Randomised, double-blind, placebo-controlled trial to assess the potential of cannabinoid receptor stimulation in the treatment of dystonia.
“Cannabis may have medicinal uses in a variety of diseases. The neural mechanisms underlying dystonia involve abnormalities within the basal ganglia-in particular, overactivity of the lateral globus pallidus (GPl). Cannabinoid receptors are located presynaptically on GABA terminals within the GPi, where their activation reduces GABA reuptake. Cannabinoid receptor stimulation may thus reduce overactivity of the GPl and thereby reduce dystonia. A double-blind, randomised, placebo-controlled, crossover study using the synthetic cannabinoid receptor agonist nabilone in patients with generalised and segmental primary dystonia showed no significant reduction in dystonia following treatment with nabilone.”
The efficacy and safety of nabilone (a synthetic cannabinoid) in the treatment of anxiety.
“The anxiolytic properties of nabilone, a synthetic cannabinoid resembling the natural cannabinoids, were studied in 25 outpatients suffering from anxiety. The drug was compared with a placebo in a double-blind manner over a 28-day treatment period. Patients were seen weekly by the physician and were rated by the Hamilton Rating Scale for Anxiety and the Patient’s Global Evaluation as well as by patient-rated evaluations. The results of the study showed a dramatic improvement in anxiety in the nabilone group when compared with placebo (P less than 0.001). Side effects reported were dry mouth, dry eyes, and drowsiness. Patients did not report any of the subjective “altered state” experience of marihuana.”
Single-dose study of nabilone in anxious volunteers.

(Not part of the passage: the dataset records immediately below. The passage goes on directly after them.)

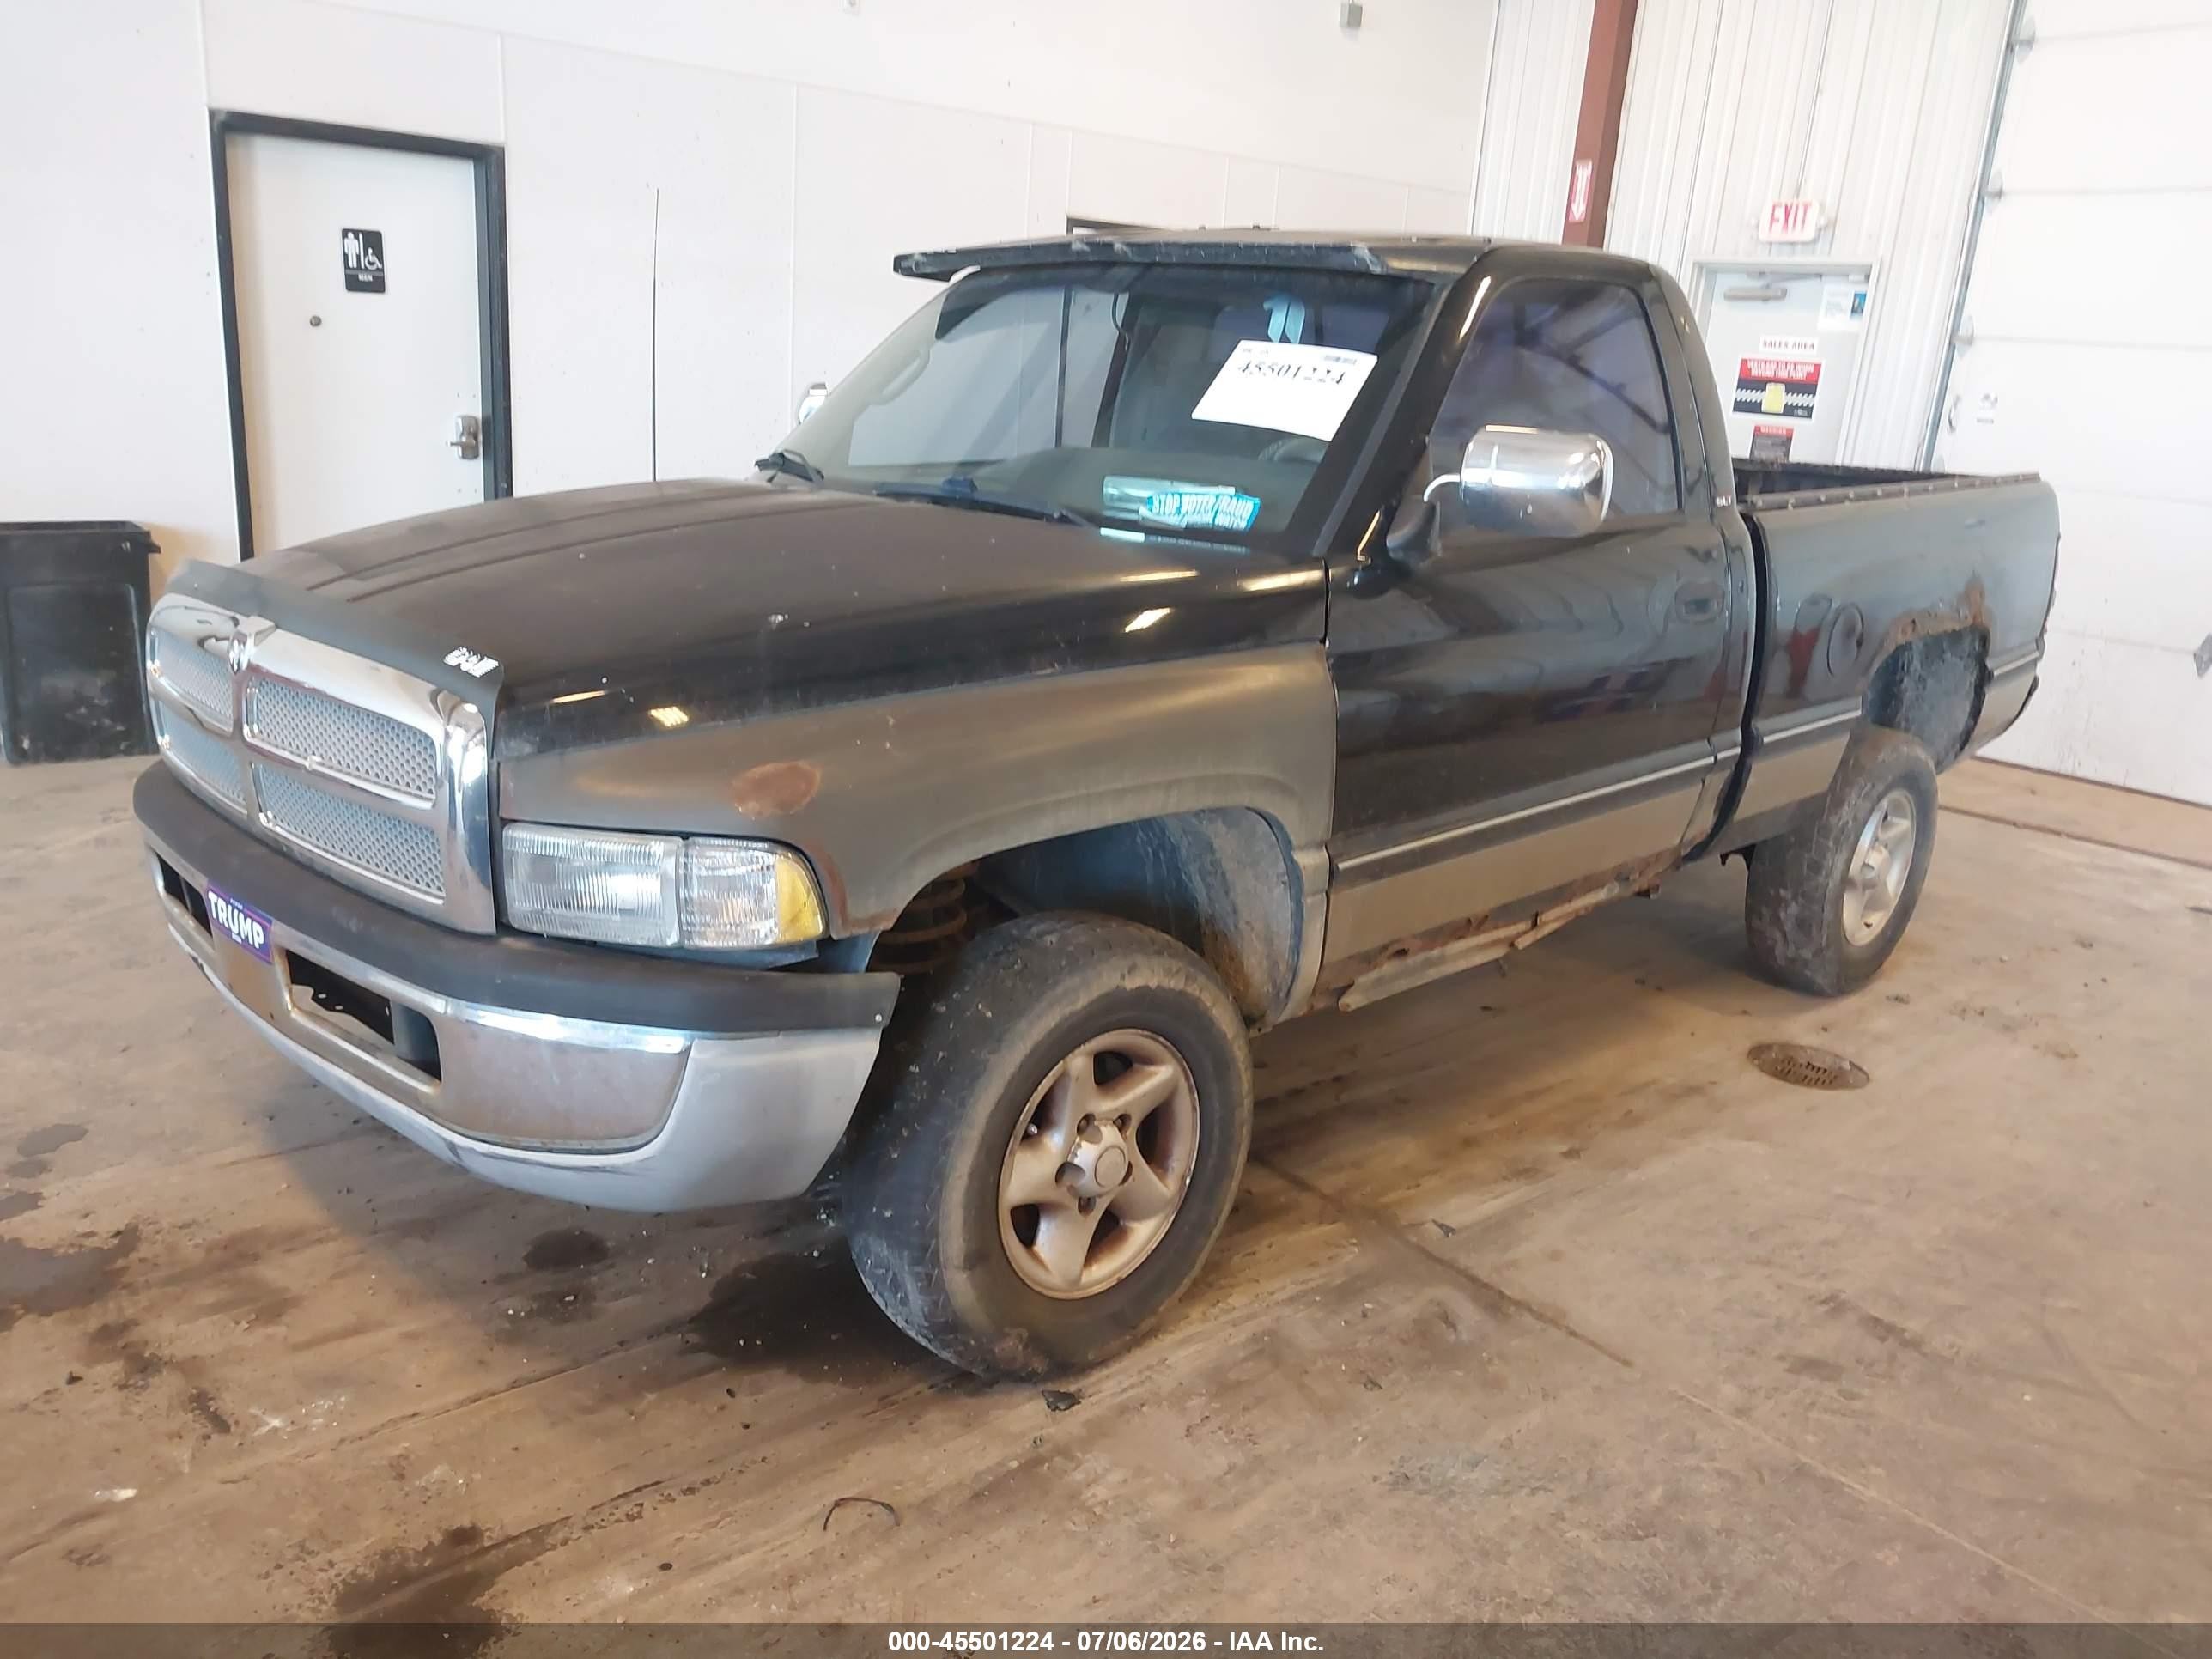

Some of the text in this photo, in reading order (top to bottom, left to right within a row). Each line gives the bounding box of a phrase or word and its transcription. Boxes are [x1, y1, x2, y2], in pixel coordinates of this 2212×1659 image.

[1768, 199, 1812, 234] EXIT
[1763, 339, 1814, 350] SALES AREA
[1237, 360, 1346, 385] 45501224
[1152, 493, 1181, 515] STOP
[208, 890, 264, 950] TRUMP
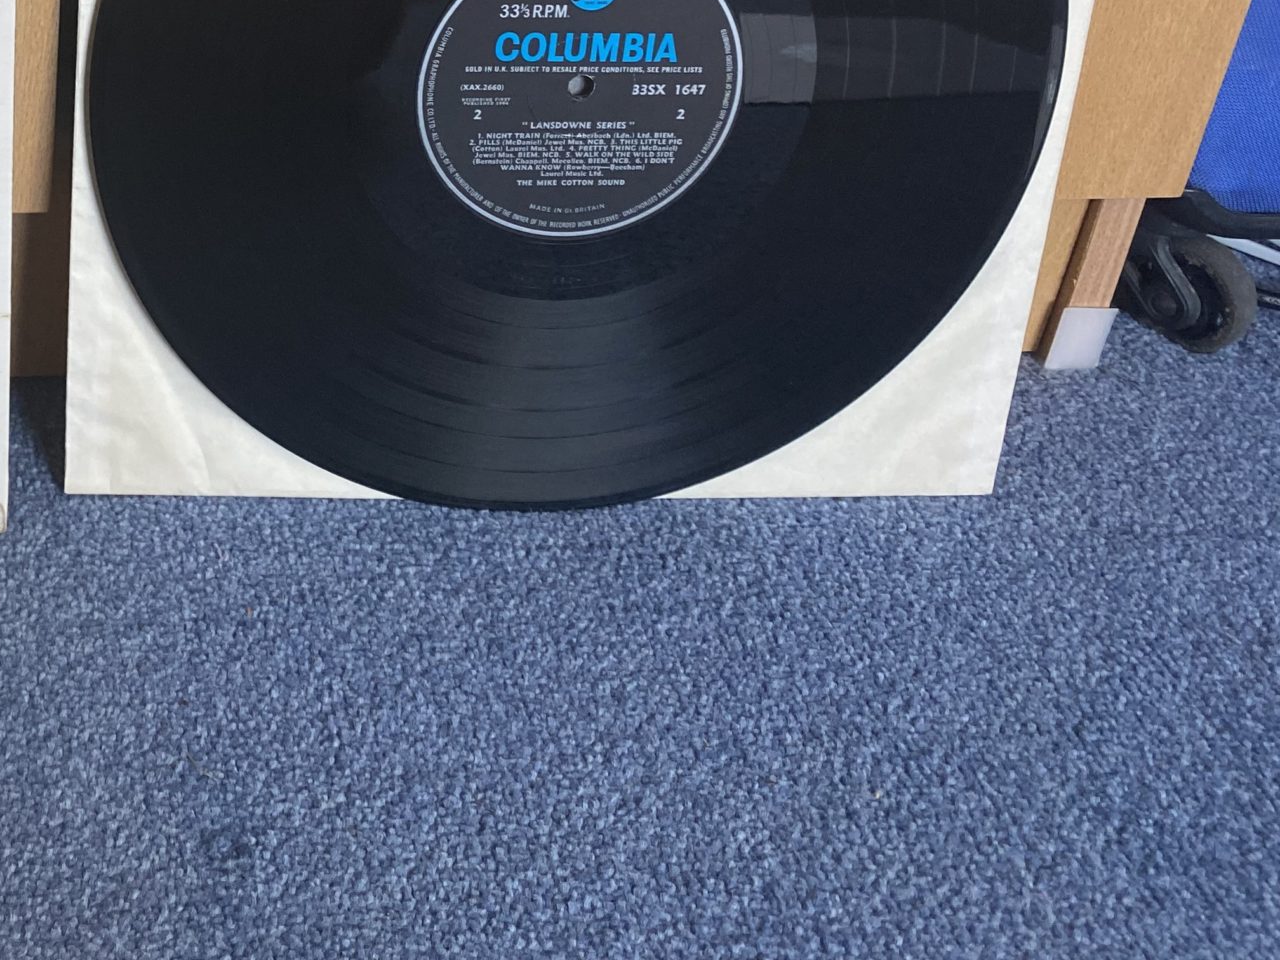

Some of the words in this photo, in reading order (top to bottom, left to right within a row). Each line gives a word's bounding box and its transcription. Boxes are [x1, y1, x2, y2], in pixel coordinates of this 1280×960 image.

[533, 5, 570, 18] R.P.M.
[496, 32, 676, 62] COLUMBIA
[632, 84, 666, 95] 33SX
[676, 84, 706, 95] 1647
[473, 109, 481, 120] 2
[676, 109, 685, 119] 2
[530, 121, 591, 129] LANSDOWNE
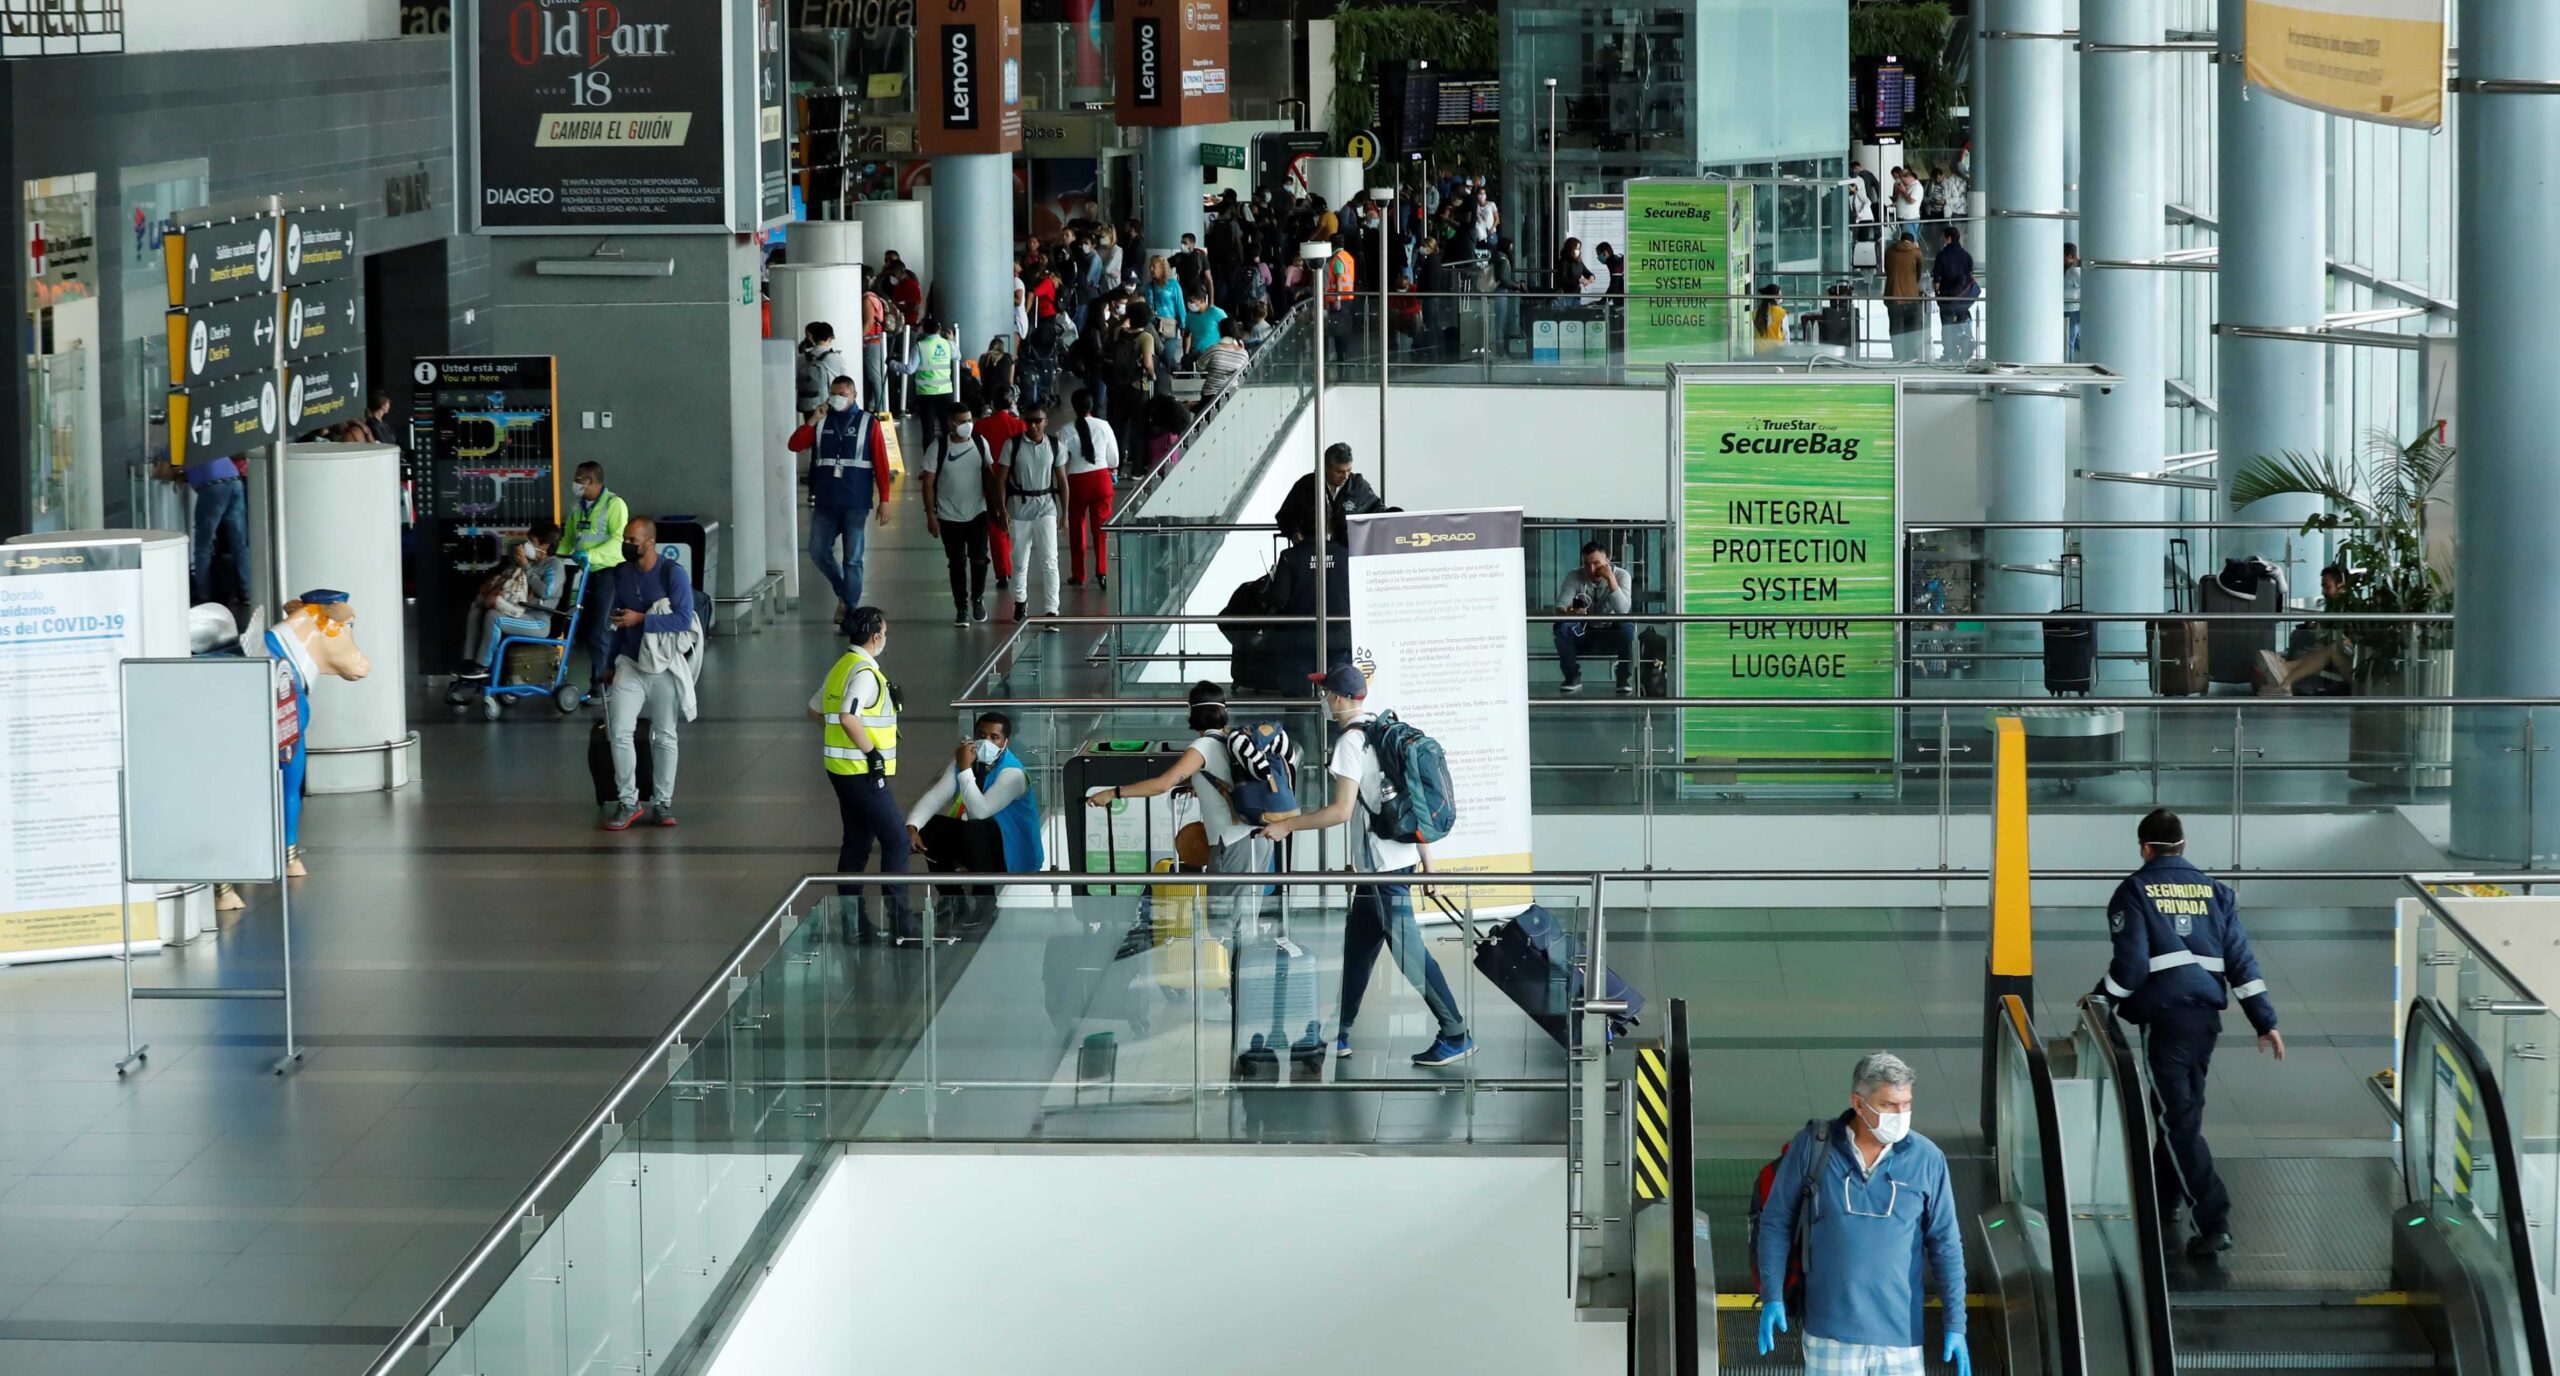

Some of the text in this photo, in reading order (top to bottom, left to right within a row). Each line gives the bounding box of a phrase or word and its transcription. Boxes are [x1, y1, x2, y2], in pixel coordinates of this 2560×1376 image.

[510, 0, 671, 69] Old Parr
[1140, 25, 1154, 99] Lenovo
[951, 33, 970, 122] Lenovo
[568, 72, 612, 106] 18
[550, 116, 673, 140] CAMBIA EL GUIÓN
[487, 188, 554, 204] DIAGEO
[1644, 207, 1711, 221] SecureBag
[1649, 240, 1706, 252] INTEGRAL
[1642, 259, 1714, 271] PROTECTION
[1656, 277, 1701, 290] SYSTEM
[1650, 298, 1706, 308] FOR YOUR
[1652, 314, 1705, 326] LUGGAGE
[442, 362, 518, 374] Usted está aquí
[443, 374, 459, 382] You
[1763, 420, 1817, 430] TrueStar
[1720, 432, 1860, 460] SecureBag
[1729, 501, 1850, 524] INTEGRAL
[1396, 536, 1412, 545] EL
[1714, 539, 1866, 562] PROTECTION
[1, 589, 44, 602] Dorado
[1742, 578, 1837, 602] SYSTEM
[16, 614, 124, 634] del COVID-19
[1729, 622, 1848, 640] FOR YOUR
[1732, 654, 1846, 678] LUGGAGE
[2145, 884, 2213, 898] SEGURIDAD
[2156, 899, 2208, 915] PRIVADA

“The effects of single oral doses of nabilone, a synthetic cannabinoid, were studied in eight anxious volunteer subjects. Each subject had two exposures to placebo and three dose levels of nabilone at one-week intervals in a single-blind balanced Latin-square design after the nabilone dose range was determined by each subject’s response to a test dose. Heart rate and blood pressure were monitored. The Profile of Mood States (POMS), a self-rating adjective checklist, was used as the quantitative measure of subjective effects. Four subjects performed a continuous avoidance procedure. High doses (4 or 5 mg) of nabilone produced orthostatic hypotension in these subjects. Mild dose-related increases in heart rate also occurred. Despite the occurrence of highly significant levels of sedation, there were no significant effects of nabilone on the continuous avoidance procedure. Two of these four subjects experienced an antianxiety effect from low (1 or 2 mg) nabilone doses. Four other subjects received comparatively lower doses of nabilone and performed on three behavioral tasks at intervals before and after drug: a recognition memory procedure, a task requiring spaced responding at a controlled rate, and a reaction time task. In these subjects there were no reliable effects on blood pressure or heart rate, no significant subjective effects on the POMS, and no antianxiety effects. Drug effects were also minimal on the three behavioral tasks.”